Exercise materials: Begin

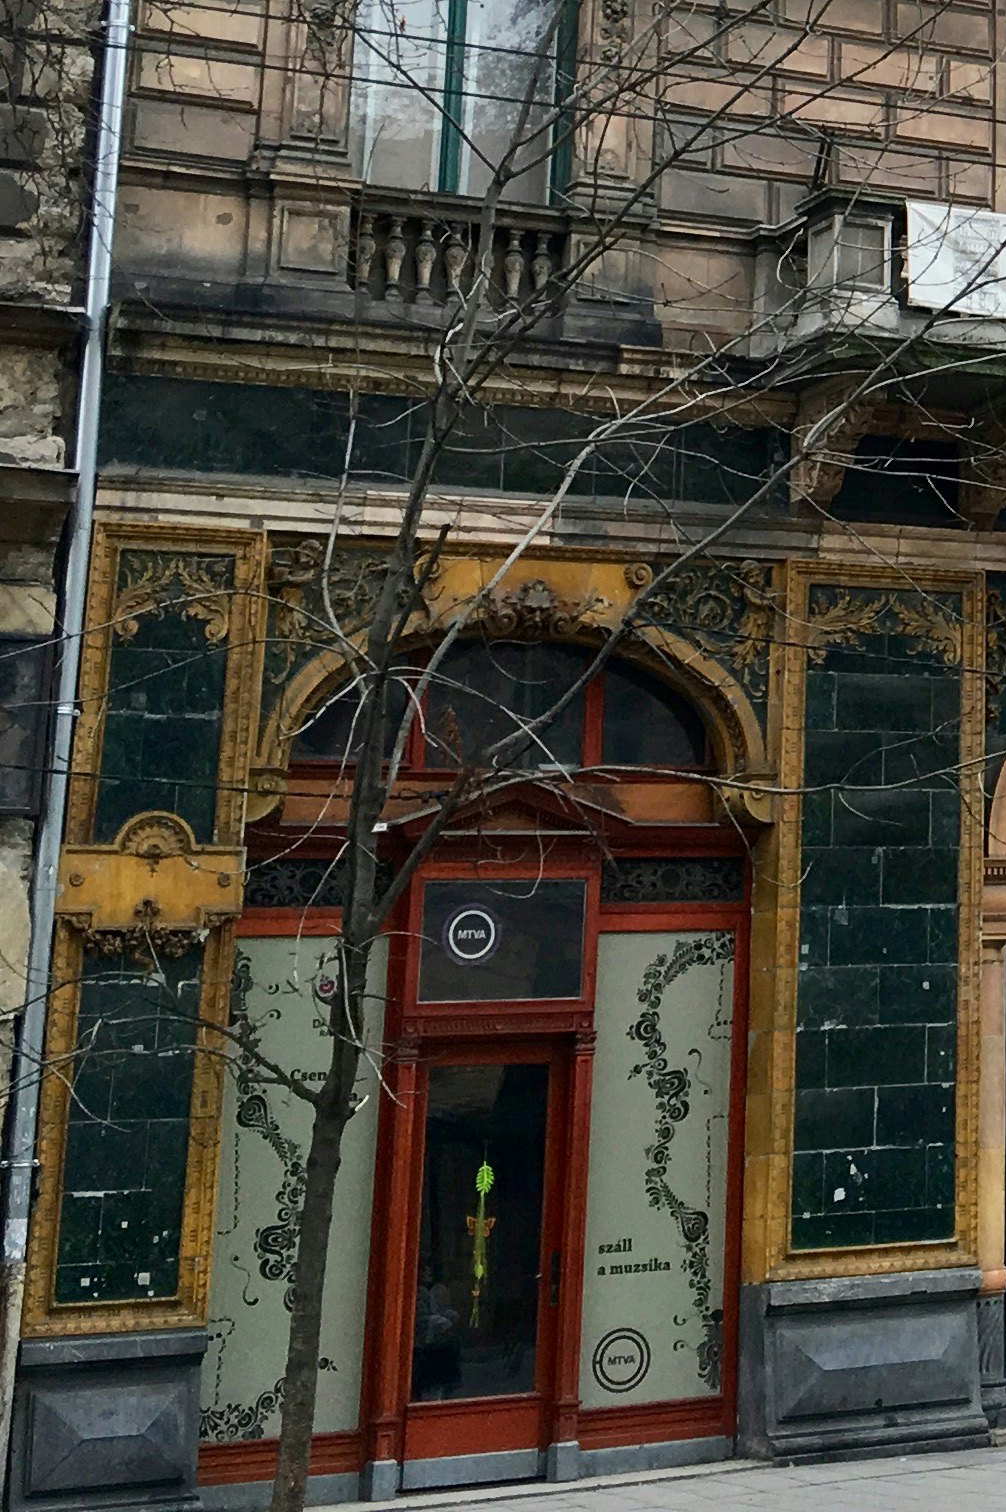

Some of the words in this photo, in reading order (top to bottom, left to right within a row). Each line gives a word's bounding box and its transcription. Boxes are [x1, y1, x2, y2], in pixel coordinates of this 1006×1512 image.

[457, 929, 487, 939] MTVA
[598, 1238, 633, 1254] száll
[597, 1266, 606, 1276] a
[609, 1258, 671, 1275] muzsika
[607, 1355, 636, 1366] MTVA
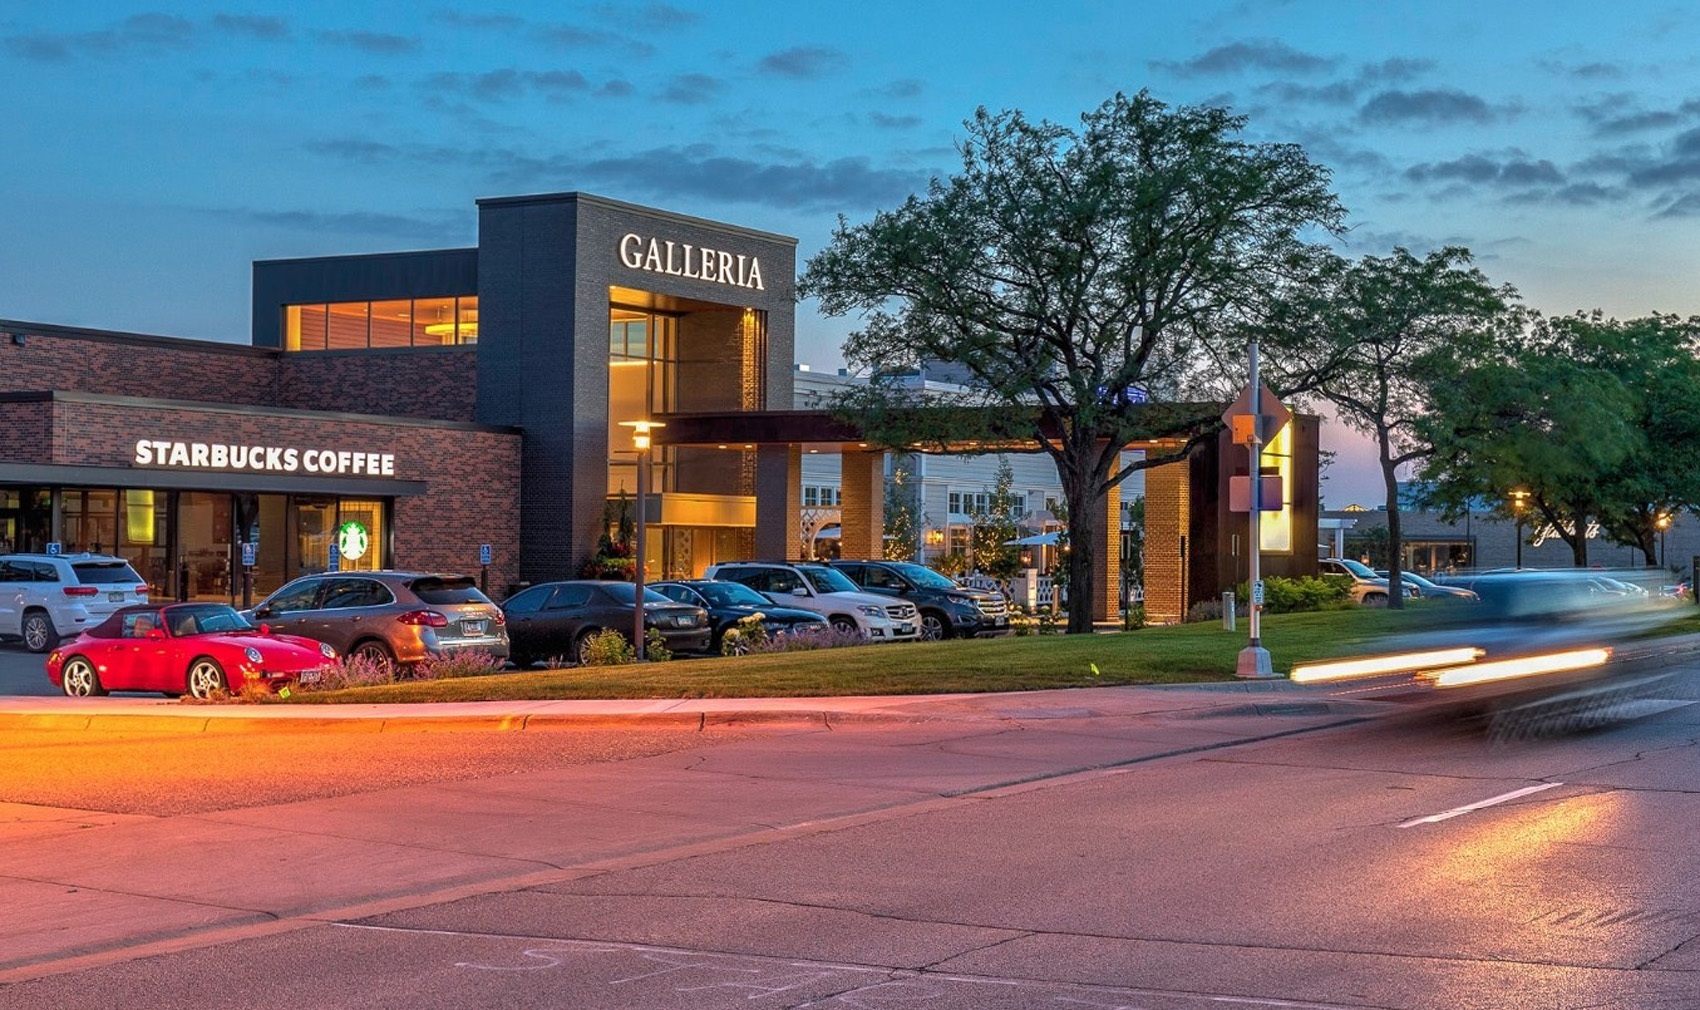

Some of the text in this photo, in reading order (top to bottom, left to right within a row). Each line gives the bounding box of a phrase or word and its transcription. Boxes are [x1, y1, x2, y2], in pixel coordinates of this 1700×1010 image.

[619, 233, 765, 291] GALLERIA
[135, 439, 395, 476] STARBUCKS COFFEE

Exercise materials: End

▶ **Assignment**
Nothing but the pictures should be left out when the records are retyped exactly.

▶ **The completed task**
Some of the words in this photo, in reading order (top to bottom, left to right within a row). Each line gives a word's bounding box and its transcription. Boxes are [x1, y1, x2, y2], in pixel coordinates of this 1006×1512 image.

[457, 929, 487, 939] MTVA
[598, 1238, 633, 1254] száll
[597, 1266, 606, 1276] a
[609, 1258, 671, 1275] muzsika
[607, 1355, 636, 1366] MTVA

Some of the text in this photo, in reading order (top to bottom, left to right within a row). Each line gives the bounding box of a phrase or word and its transcription. Boxes are [x1, y1, x2, y2], in pixel coordinates of this 1700×1010 image.

[619, 233, 765, 291] GALLERIA
[135, 439, 395, 476] STARBUCKS COFFEE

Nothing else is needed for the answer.